[Opening Record set section]

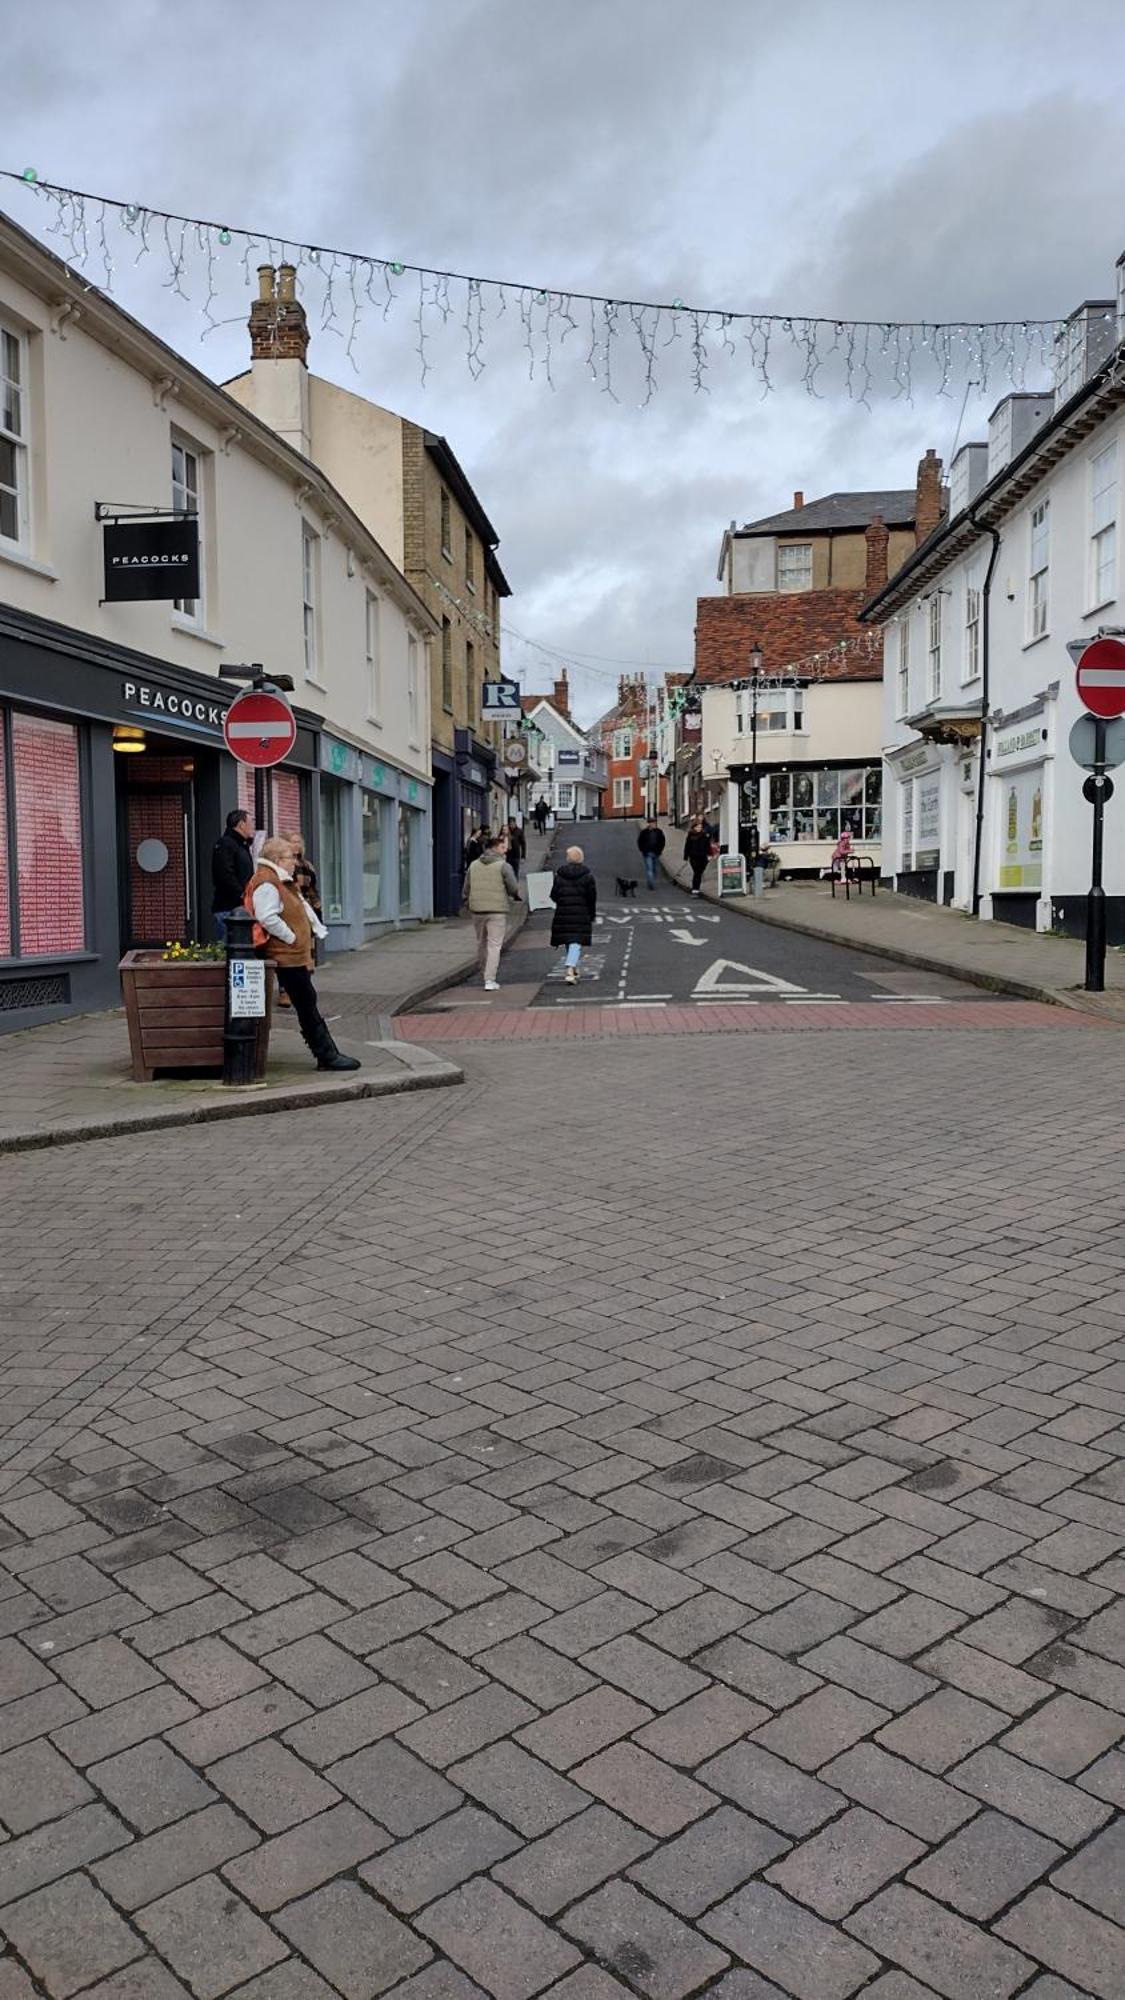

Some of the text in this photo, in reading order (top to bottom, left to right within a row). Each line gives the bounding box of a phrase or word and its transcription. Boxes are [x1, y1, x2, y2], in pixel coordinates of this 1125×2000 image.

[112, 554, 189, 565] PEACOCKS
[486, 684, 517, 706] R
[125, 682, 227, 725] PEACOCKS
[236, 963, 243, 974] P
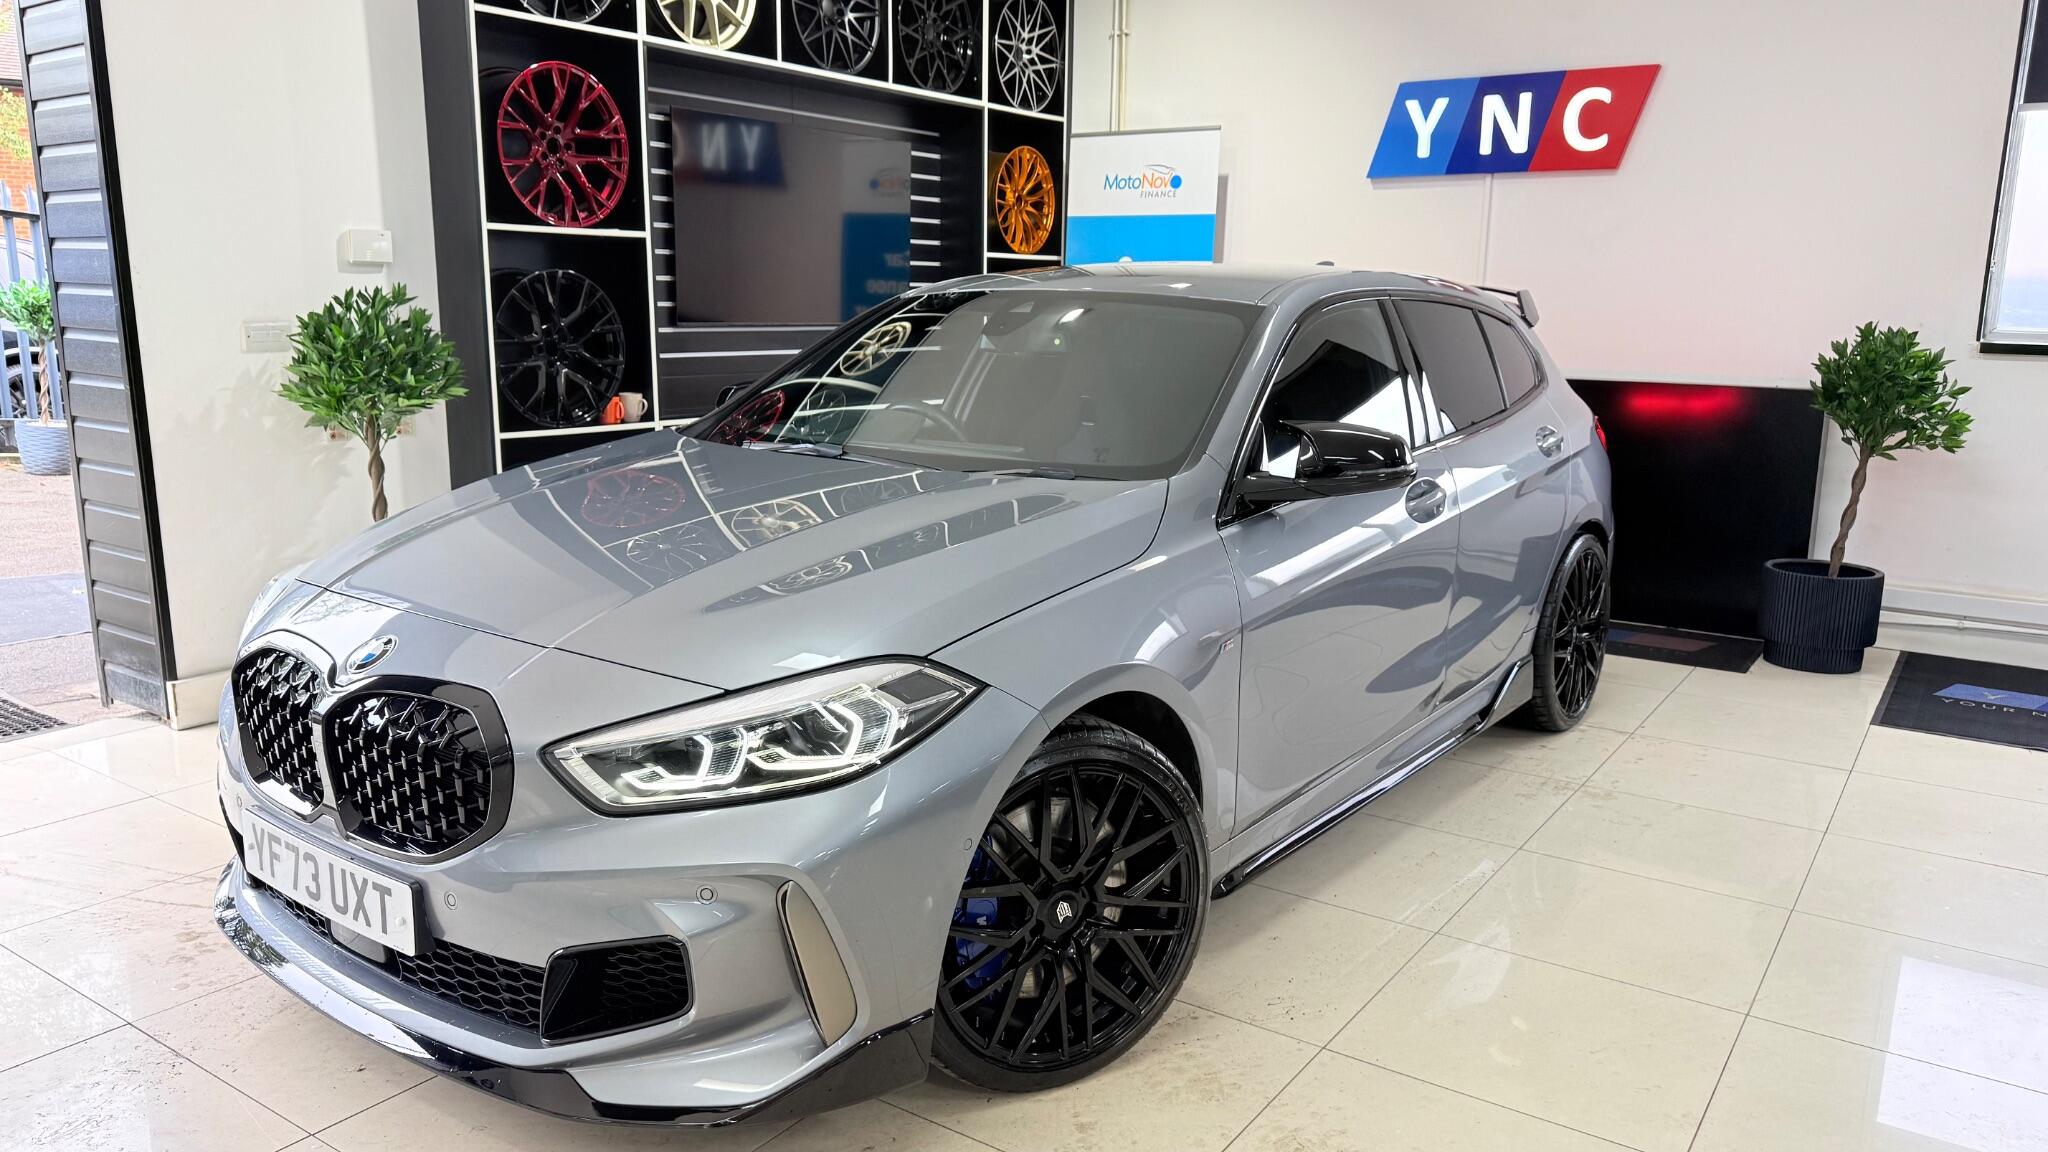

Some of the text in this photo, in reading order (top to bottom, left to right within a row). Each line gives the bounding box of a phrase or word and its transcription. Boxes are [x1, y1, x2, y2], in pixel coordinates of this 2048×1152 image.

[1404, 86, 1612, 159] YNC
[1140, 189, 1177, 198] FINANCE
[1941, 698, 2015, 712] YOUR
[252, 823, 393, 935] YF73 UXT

[Closing Record set section]

What you should do: Quote the records in full and exactly; skip any image.

Solved problem:
Some of the text in this photo, in reading order (top to bottom, left to right within a row). Each line gives the bounding box of a phrase or word and its transcription. Boxes are [x1, y1, x2, y2], in pixel coordinates of this 1125×2000 image.

[112, 554, 189, 565] PEACOCKS
[486, 684, 517, 706] R
[125, 682, 227, 725] PEACOCKS
[236, 963, 243, 974] P

Some of the text in this photo, in reading order (top to bottom, left to right within a row). Each line gives the bounding box of a phrase or word and its transcription. Boxes are [x1, y1, x2, y2], in pixel coordinates of this 2048×1152 image.

[1404, 86, 1612, 159] YNC
[1140, 189, 1177, 198] FINANCE
[1941, 698, 2015, 712] YOUR
[252, 823, 393, 935] YF73 UXT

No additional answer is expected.